Top of STUDY MATERIAL

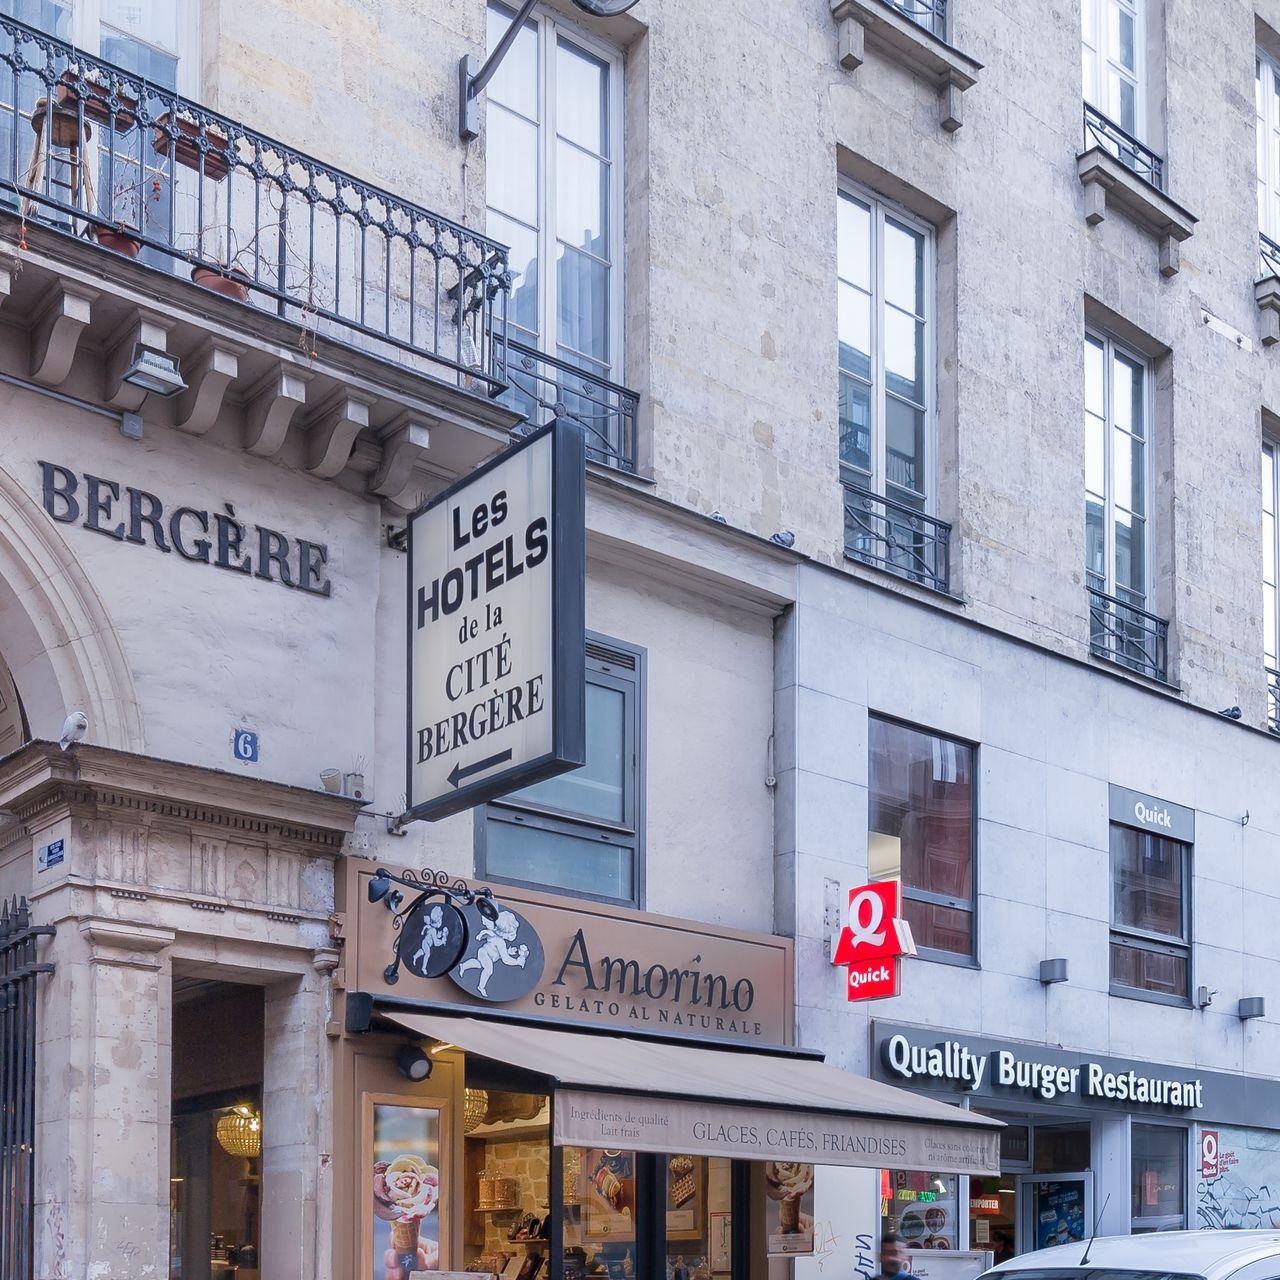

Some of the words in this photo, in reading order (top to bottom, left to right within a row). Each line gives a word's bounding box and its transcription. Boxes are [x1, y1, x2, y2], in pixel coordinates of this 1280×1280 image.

[38, 459, 331, 597] BERGÈRE
[452, 489, 509, 552] Les
[416, 516, 549, 630] HOTELS
[458, 615, 479, 644] de
[484, 604, 504, 632] la
[445, 632, 513, 702] CITÉ
[416, 673, 545, 765] BERGÈRE
[237, 732, 254, 758] 6
[1135, 801, 1172, 829] Quick
[848, 890, 887, 949] Q
[552, 928, 755, 1013] Amorino
[849, 965, 890, 988] Quick
[534, 992, 620, 1016] GELATO
[628, 1004, 650, 1020] AL
[658, 1009, 762, 1036] NATURALE
[887, 1034, 987, 1091] Quality
[997, 1050, 1080, 1099] Burger
[1087, 1062, 1204, 1109] Restaurant
[570, 1106, 623, 1123] Ingrédients
[625, 1112, 636, 1123] de
[638, 1114, 669, 1127] qualité
[601, 1124, 618, 1136] Lait
[620, 1125, 640, 1138] frais
[692, 1122, 762, 1147] GLACES,
[766, 1128, 818, 1151] CAFÉS,
[823, 1132, 907, 1157] FRIANDISES
[1202, 1134, 1218, 1164] Q
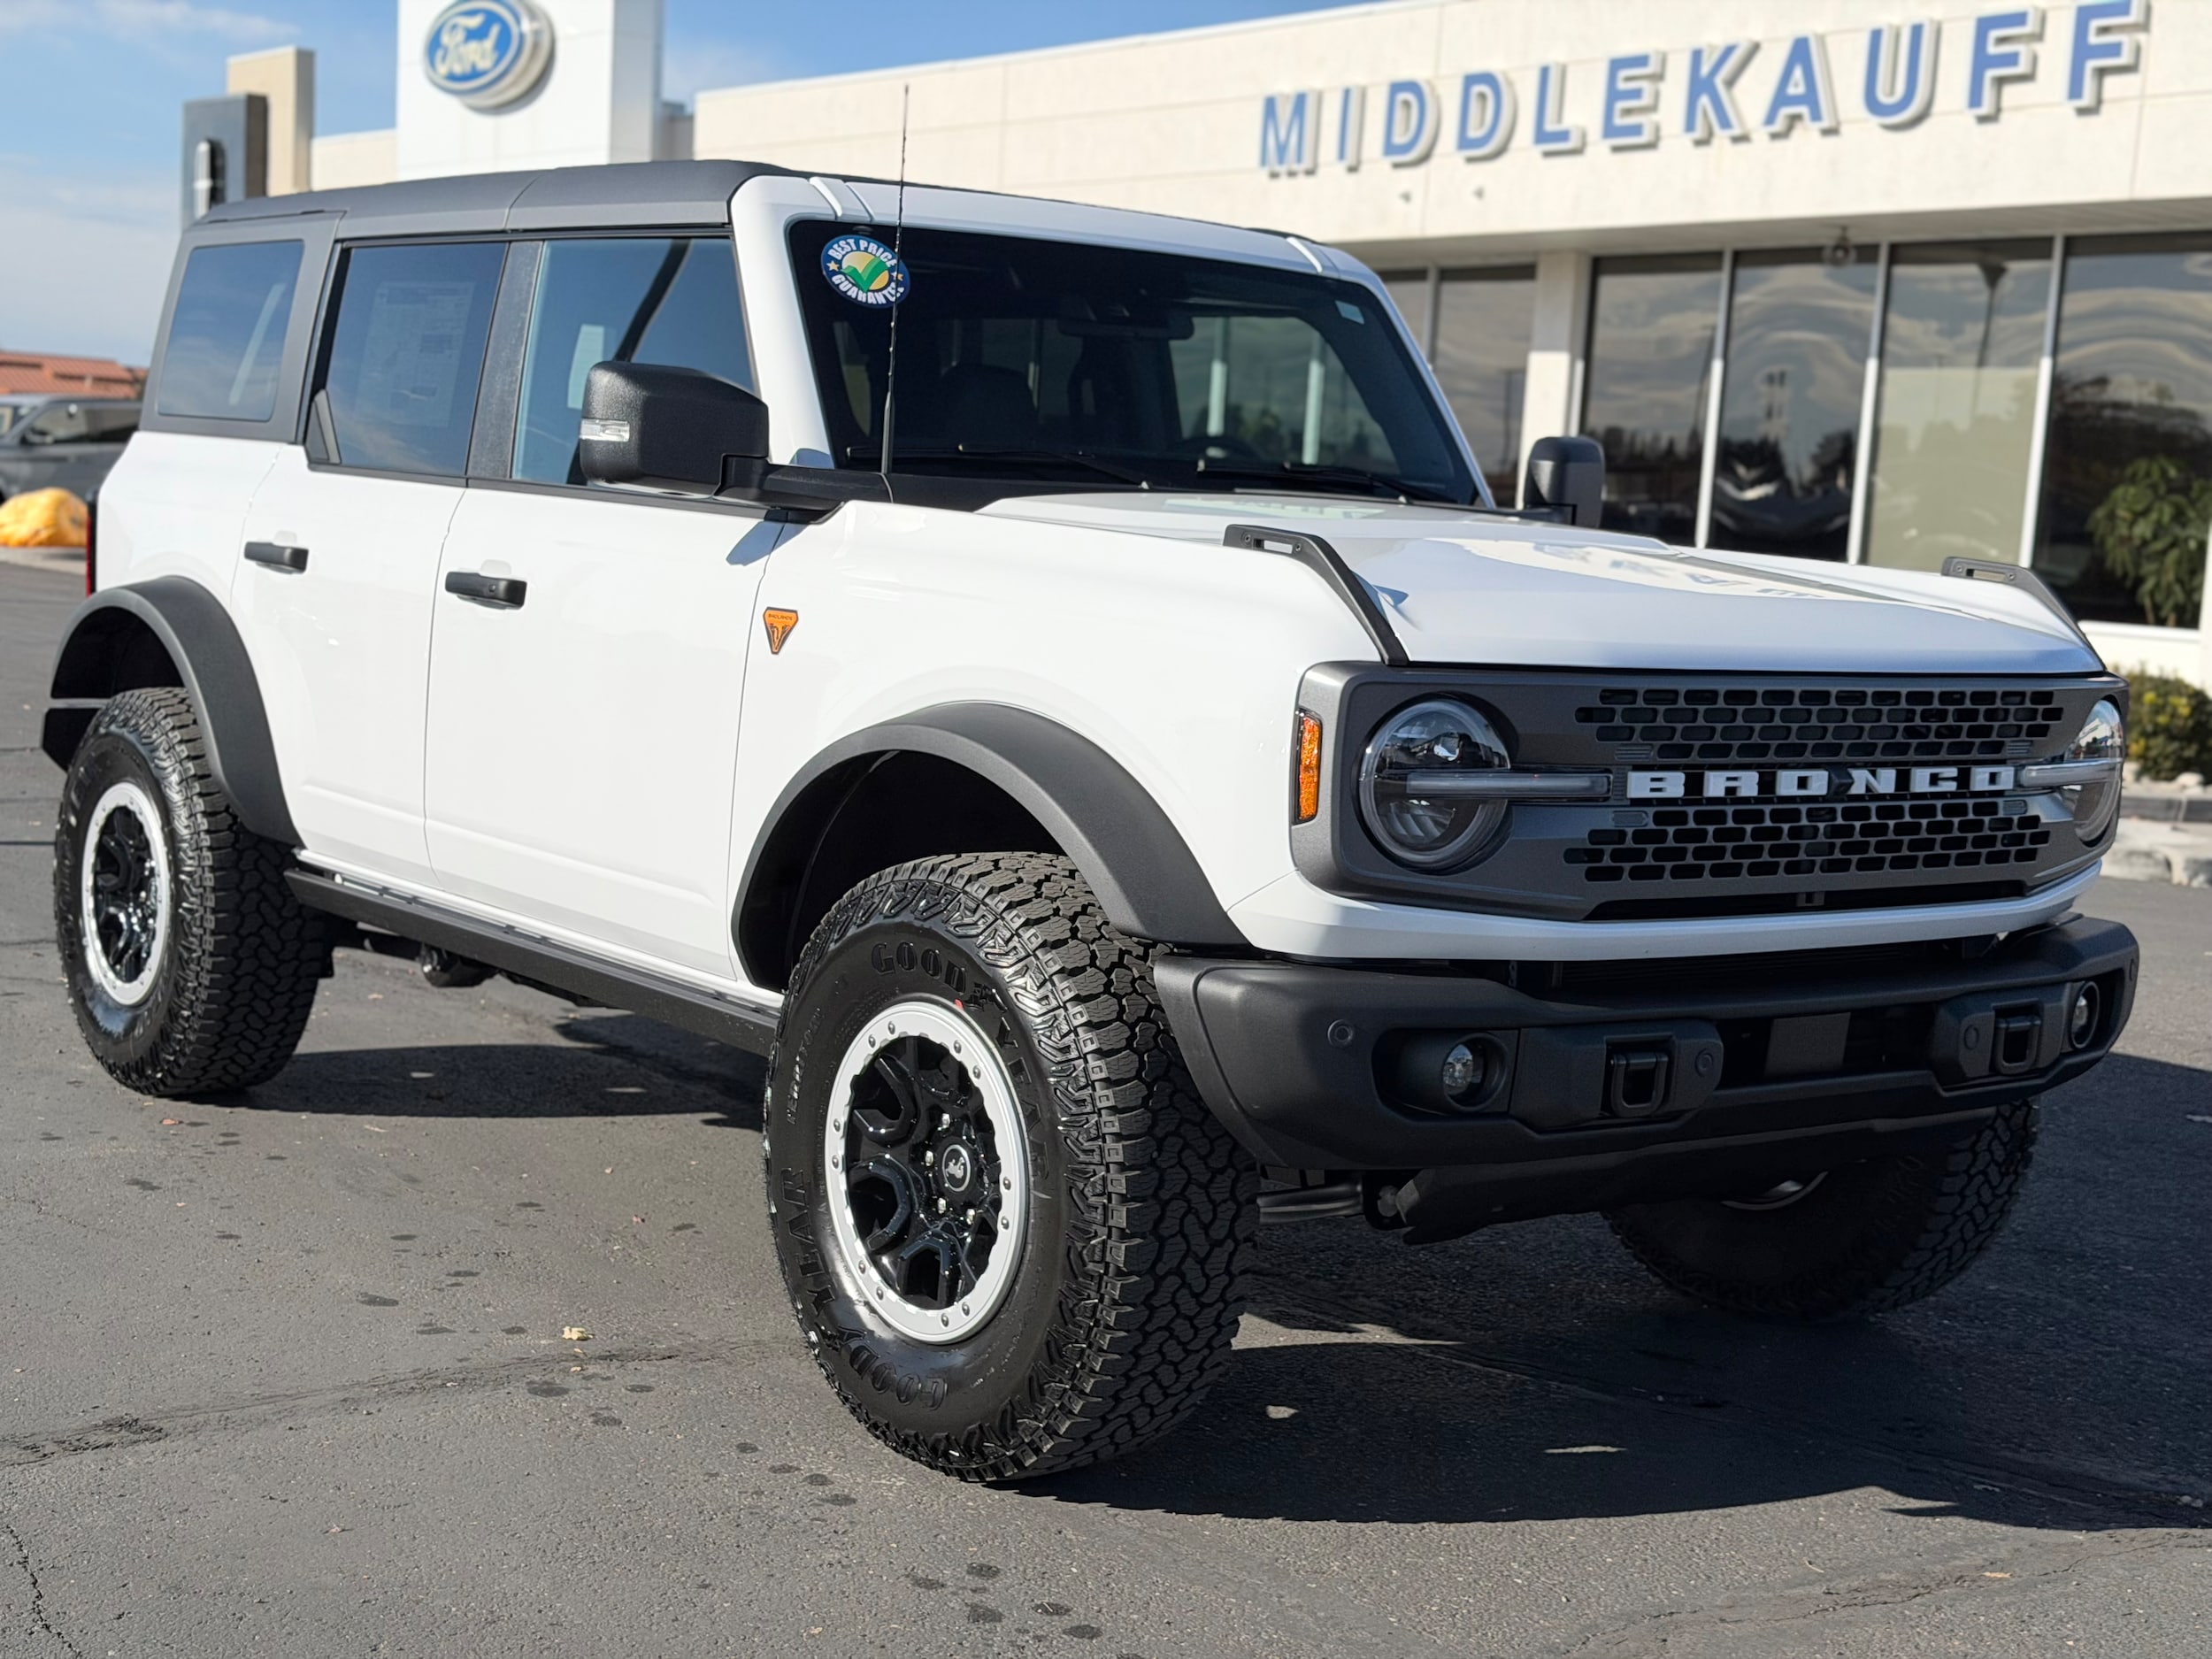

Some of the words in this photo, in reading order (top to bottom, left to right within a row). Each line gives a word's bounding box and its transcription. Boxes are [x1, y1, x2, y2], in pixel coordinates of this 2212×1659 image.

Bottom of STUDY MATERIAL

Your reply should hold only the records, duplicated exactly, without any image.

Some of the words in this photo, in reading order (top to bottom, left to right within a row). Each line gives a word's bounding box and its transcription. Boxes are [x1, y1, x2, y2], in pixel coordinates of this 1280×1280 image.

[38, 459, 331, 597] BERGÈRE
[452, 489, 509, 552] Les
[416, 516, 549, 630] HOTELS
[458, 615, 479, 644] de
[484, 604, 504, 632] la
[445, 632, 513, 702] CITÉ
[416, 673, 545, 765] BERGÈRE
[237, 732, 254, 758] 6
[1135, 801, 1172, 829] Quick
[848, 890, 887, 949] Q
[552, 928, 755, 1013] Amorino
[849, 965, 890, 988] Quick
[534, 992, 620, 1016] GELATO
[628, 1004, 650, 1020] AL
[658, 1009, 762, 1036] NATURALE
[887, 1034, 987, 1091] Quality
[997, 1050, 1080, 1099] Burger
[1087, 1062, 1204, 1109] Restaurant
[570, 1106, 623, 1123] Ingrédients
[625, 1112, 636, 1123] de
[638, 1114, 669, 1127] qualité
[601, 1124, 618, 1136] Lait
[620, 1125, 640, 1138] frais
[692, 1122, 762, 1147] GLACES,
[766, 1128, 818, 1151] CAFÉS,
[823, 1132, 907, 1157] FRIANDISES
[1202, 1134, 1218, 1164] Q

Some of the words in this photo, in reading order (top to bottom, left to right within a row). Each line gives a word's bounding box and its transcription. Boxes are [x1, y1, x2, y2], in pixel coordinates of this 2212×1659 image.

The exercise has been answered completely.